On Empathy

In team meeting this morning we discussed coming up with a functional definition of empathy.

Any communication between humans occurs on two levels.  Verbal communication occurs on a conscious level.  Another word for “conscious” is “explicit.”  Non-verbal communication — or in other words, emotional communication — typically occurs on a subconscious level.  Other words for “subconscious” include “implicit” or “instinctive.”

In health care at least, we have three tasks when we communicate with patients.  1. Hear what the patient is saying.  2.  Show that we heard it.  3.  Tell the patient what we need to tell them.

So on a verbal level, we need to:  1.  Get a history.  2.  Check and make sure the history is accurate.  3.  Explain the diagnosis and treatment plan.

On a non-verbal level, we need to:  1. Understand the patient’s emotional state. 2. Show that we understand. 3.  Communicate something emotional to the patient.
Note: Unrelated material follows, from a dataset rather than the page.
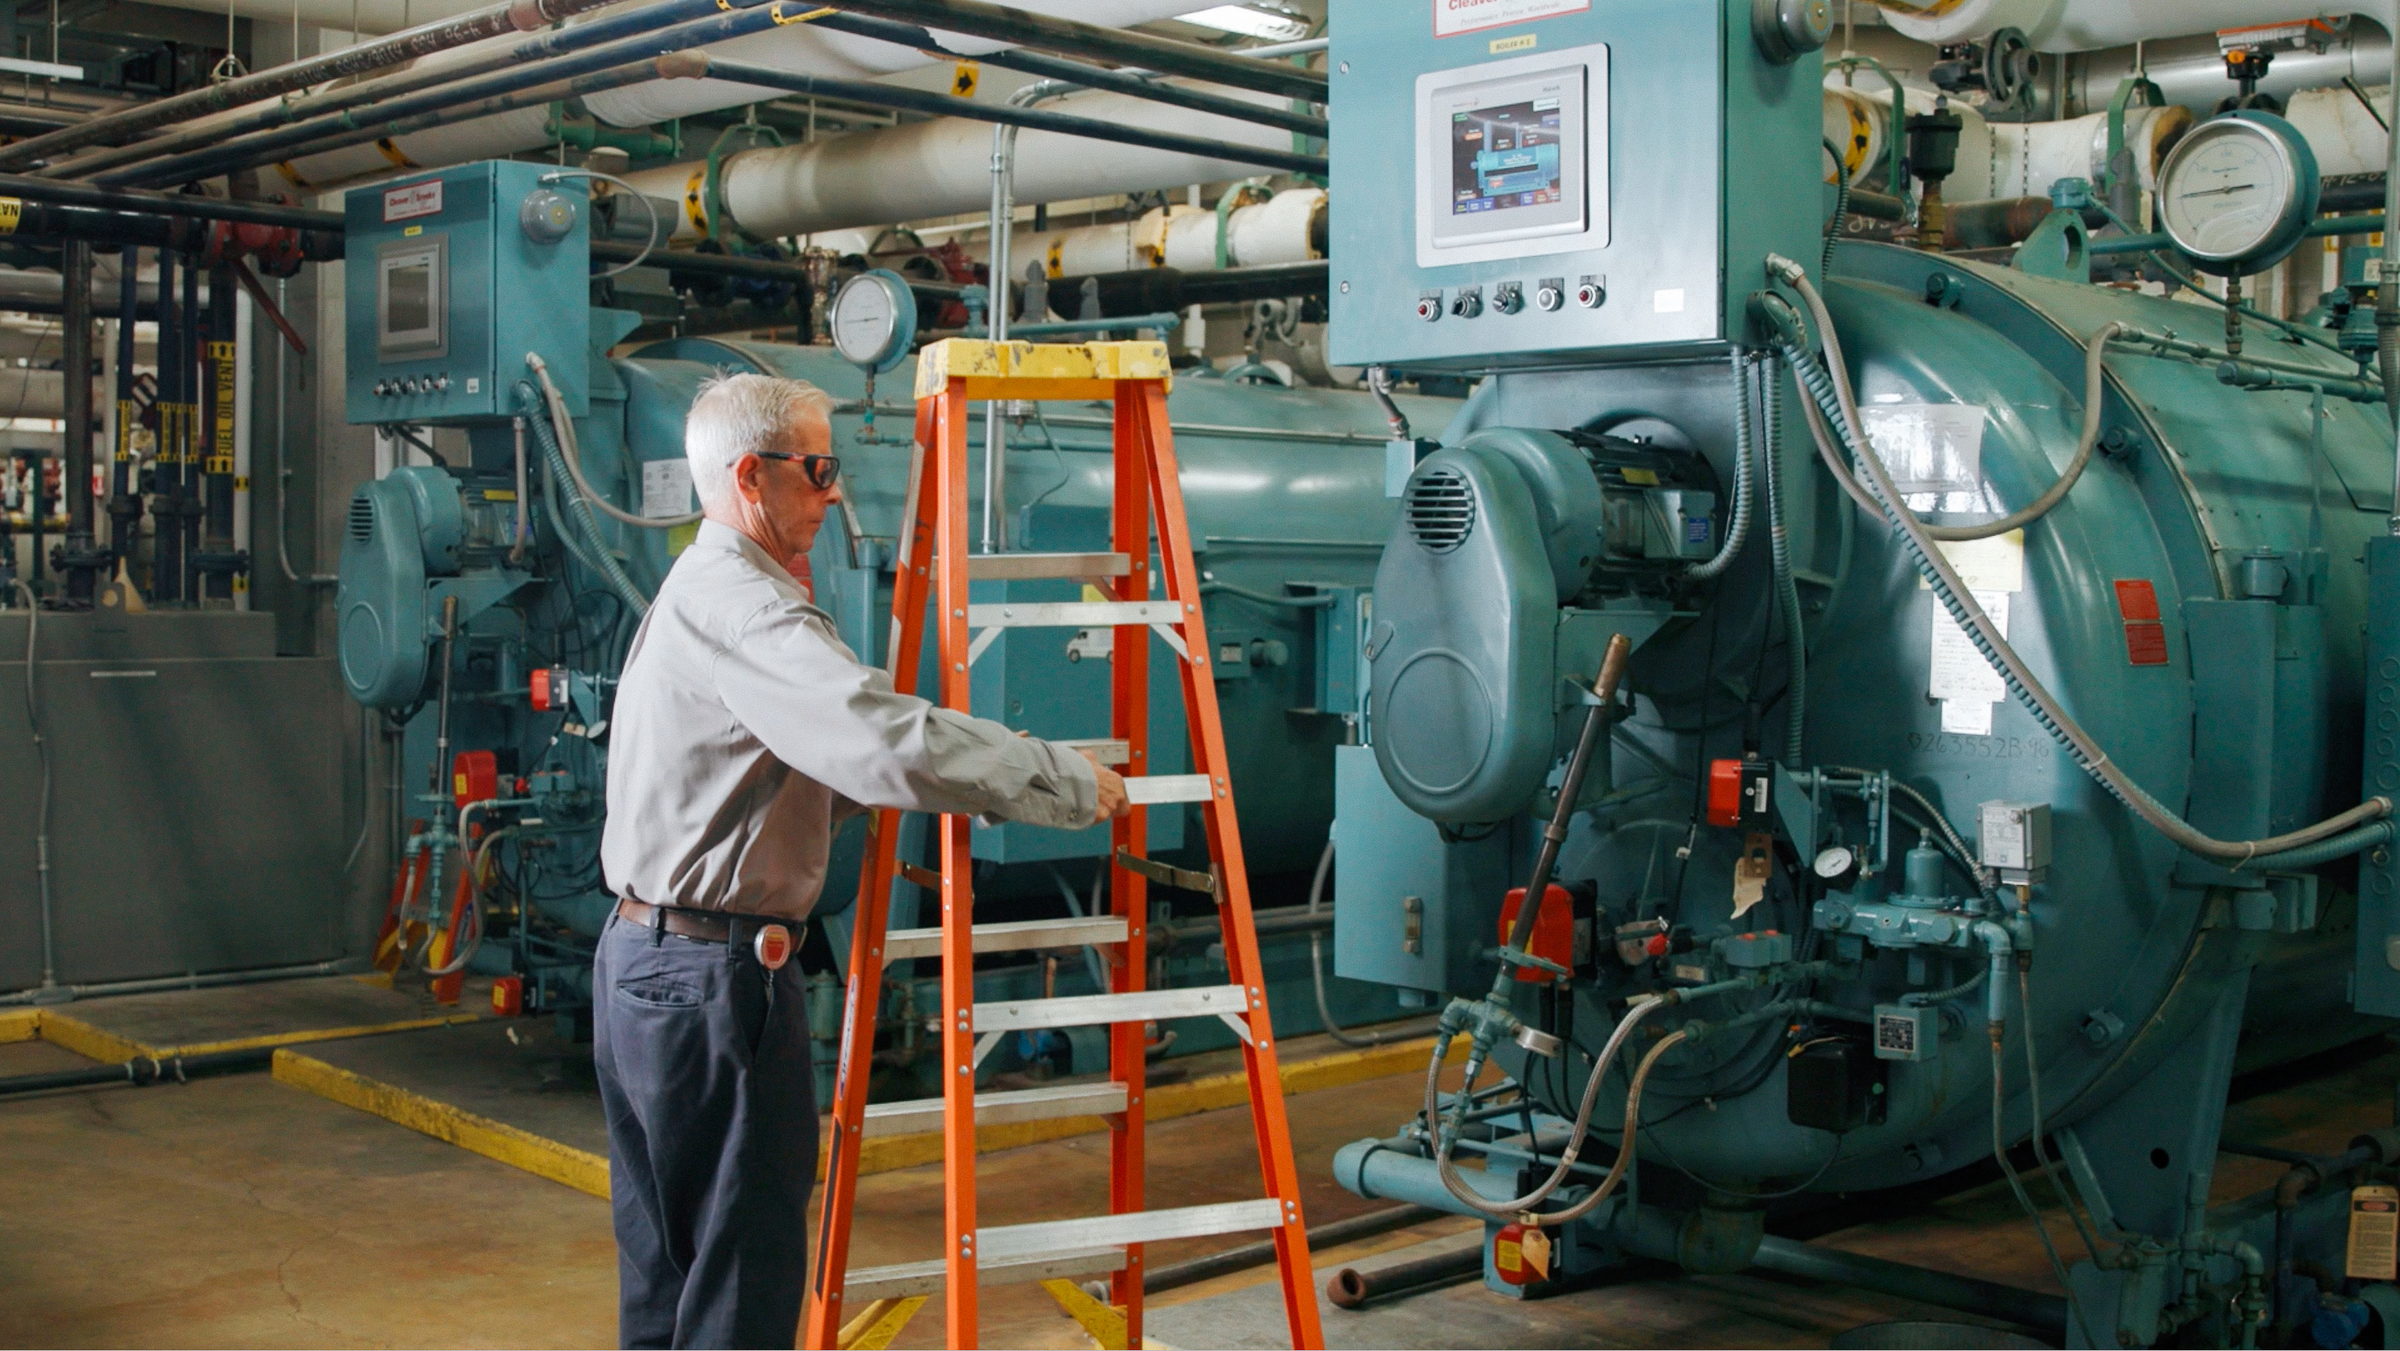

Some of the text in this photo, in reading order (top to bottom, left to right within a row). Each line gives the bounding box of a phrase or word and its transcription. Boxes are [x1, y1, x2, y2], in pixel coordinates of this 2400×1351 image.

[218, 360, 234, 456] FUEL OIL VENT
Since the latter occurs on a subconscious level, we sometimes ignore it.  Even when we don’t ignore it, we don’t understand it.  The challenge is to drag this process into the conscious mind where we can define its role and improve its effectiveness.   “Arriving at a functional definition” means precisely becoming consciously aware of a subconscious process.
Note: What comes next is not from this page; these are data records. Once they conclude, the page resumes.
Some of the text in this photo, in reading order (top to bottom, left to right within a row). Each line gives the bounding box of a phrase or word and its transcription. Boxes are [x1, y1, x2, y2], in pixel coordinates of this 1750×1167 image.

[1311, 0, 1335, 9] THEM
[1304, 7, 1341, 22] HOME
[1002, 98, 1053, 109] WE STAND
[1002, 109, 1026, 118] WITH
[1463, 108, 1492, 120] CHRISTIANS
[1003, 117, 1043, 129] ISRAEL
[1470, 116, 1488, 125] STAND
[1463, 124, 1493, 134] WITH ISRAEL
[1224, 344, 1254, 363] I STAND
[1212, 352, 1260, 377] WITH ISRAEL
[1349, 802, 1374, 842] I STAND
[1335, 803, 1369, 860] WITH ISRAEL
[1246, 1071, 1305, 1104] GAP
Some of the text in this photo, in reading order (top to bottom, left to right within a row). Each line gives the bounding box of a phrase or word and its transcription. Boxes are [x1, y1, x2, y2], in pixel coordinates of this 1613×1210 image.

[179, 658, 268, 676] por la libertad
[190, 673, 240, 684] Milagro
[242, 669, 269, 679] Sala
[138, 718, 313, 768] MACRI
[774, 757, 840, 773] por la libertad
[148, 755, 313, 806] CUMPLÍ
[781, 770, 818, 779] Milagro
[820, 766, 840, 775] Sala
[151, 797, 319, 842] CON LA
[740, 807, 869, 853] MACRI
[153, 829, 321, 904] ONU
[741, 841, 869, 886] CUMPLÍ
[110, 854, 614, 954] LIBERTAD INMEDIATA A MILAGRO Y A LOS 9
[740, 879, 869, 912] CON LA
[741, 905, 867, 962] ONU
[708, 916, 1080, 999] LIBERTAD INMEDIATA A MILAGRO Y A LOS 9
The unconscious or “natural” process is not optimal in health care.   The natural process is one of mirroring.  We perceive the emotion of another person and pretty soon we feel the same way, and it’s written all over our face.  This works if you’re having a good cry with your girlfriend, but it doesn’t work with a patient.  For one thing, the patient doesn’t precisely need for you to be in as much a state of fear and panic as they are.  For another, it’s traumatizing to the health care worker.  Humans can only carry around just so much sorrow before they’re done.  That’s what “burn-out” is, in part.
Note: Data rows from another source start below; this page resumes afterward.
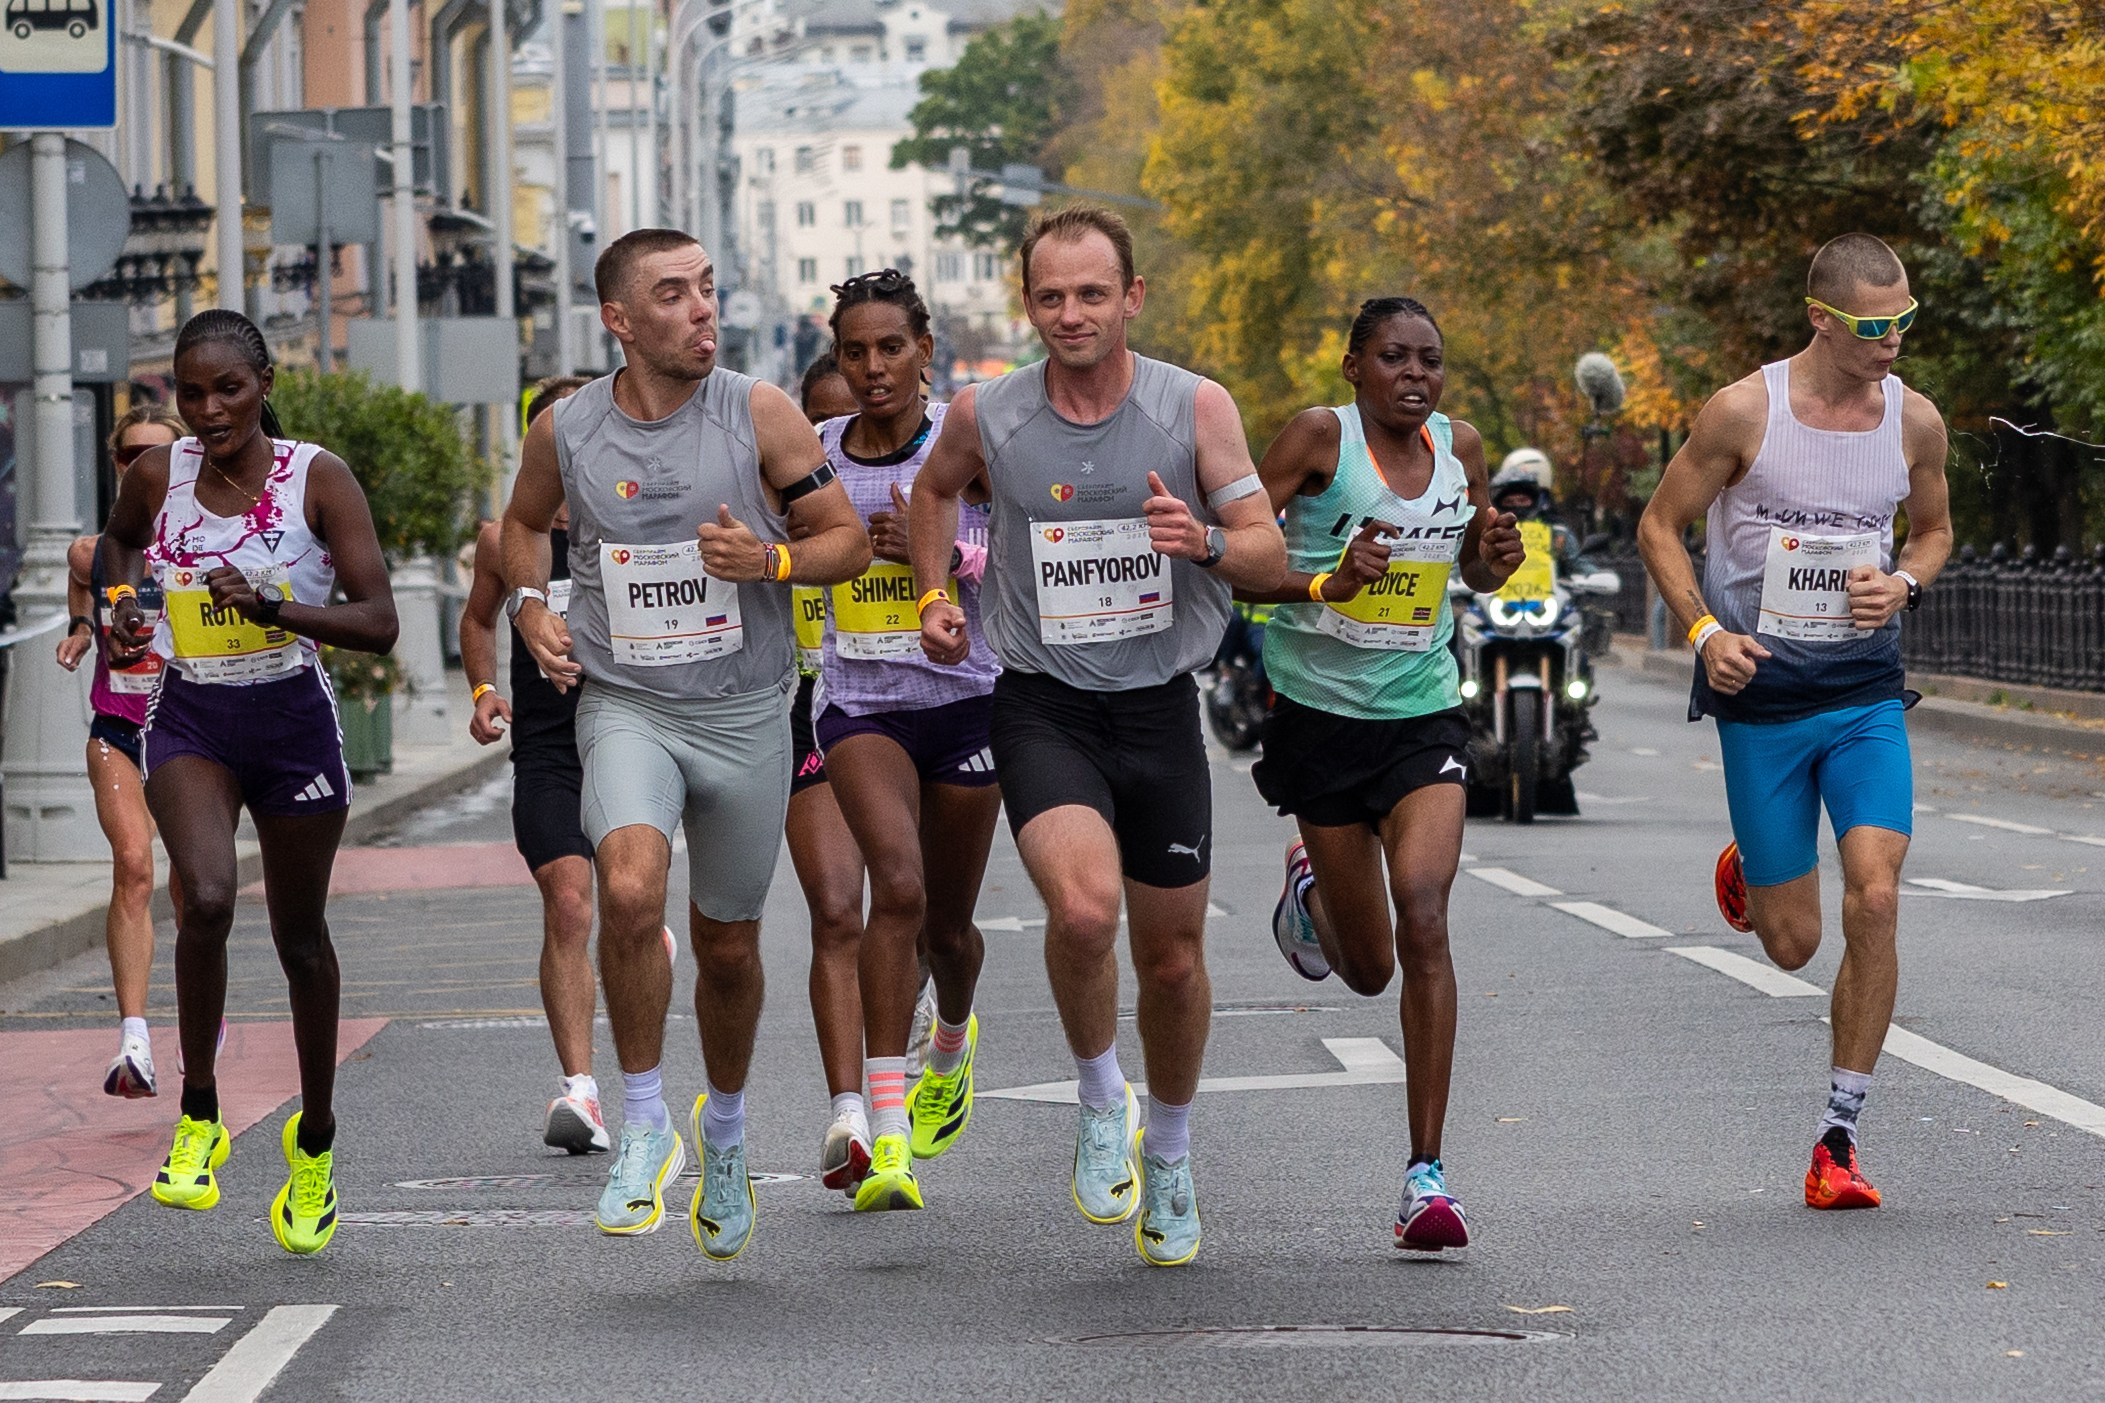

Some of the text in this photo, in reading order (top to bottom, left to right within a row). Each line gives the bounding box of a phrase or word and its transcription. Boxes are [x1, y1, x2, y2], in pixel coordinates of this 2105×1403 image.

[1814, 511, 1846, 527] WE
[1041, 553, 1161, 588] PANFYOROV
[1788, 567, 1850, 592] KHARI
[628, 577, 707, 608] PETROV
[1099, 597, 1112, 607] 18
[1378, 608, 1390, 617] 21
[1815, 603, 1828, 612] 13
[665, 619, 678, 629] 19
[886, 615, 900, 625] 22
[227, 639, 240, 649] 33
Can we bring empathy into the conscious mind?  Work on it? Improve it?  Make it therapeutic?

Definitely.  Empathy is a brain function, not a personality trait, or a character trait.  We know that empathy can be degraded or enhanced neurologically.  It can be degraded by brain damage; for example, patients with right hemisphere stroke lose the capacity for emotional communication, and people with Asperger’s syndrome never had it.  And there’s a chemical that can not only enhance emotional communication, but at the same time, facilitate bonding.  Listen carefully to what I’m saying: there’s a pill that can make you love someone.  (It’s readily available, but not exactly legal.)

Empathy can also be enhanced behaviorally.  Any psychologist can tell you how to pick up cues as to the emotional state of a patient, and how to let them know you got the message. Any family practitioner who has been around a while can teach you much the same thing.  It’s also possible to be more aware of the emotional message we have for the patient, and to be more adept at transmitting that message.  “You’re going to be fine” can be said sternly, or impatiently, or with kindness, or with whatever mixture of wisdom, nurturing and confidence is required to reach that particular person in his or her particular situation.

Maybe we should be more empathetic to medical students, and teach them these things. We aren’t born knowing how to talk.   It would be good for the patients, and good for physicians also.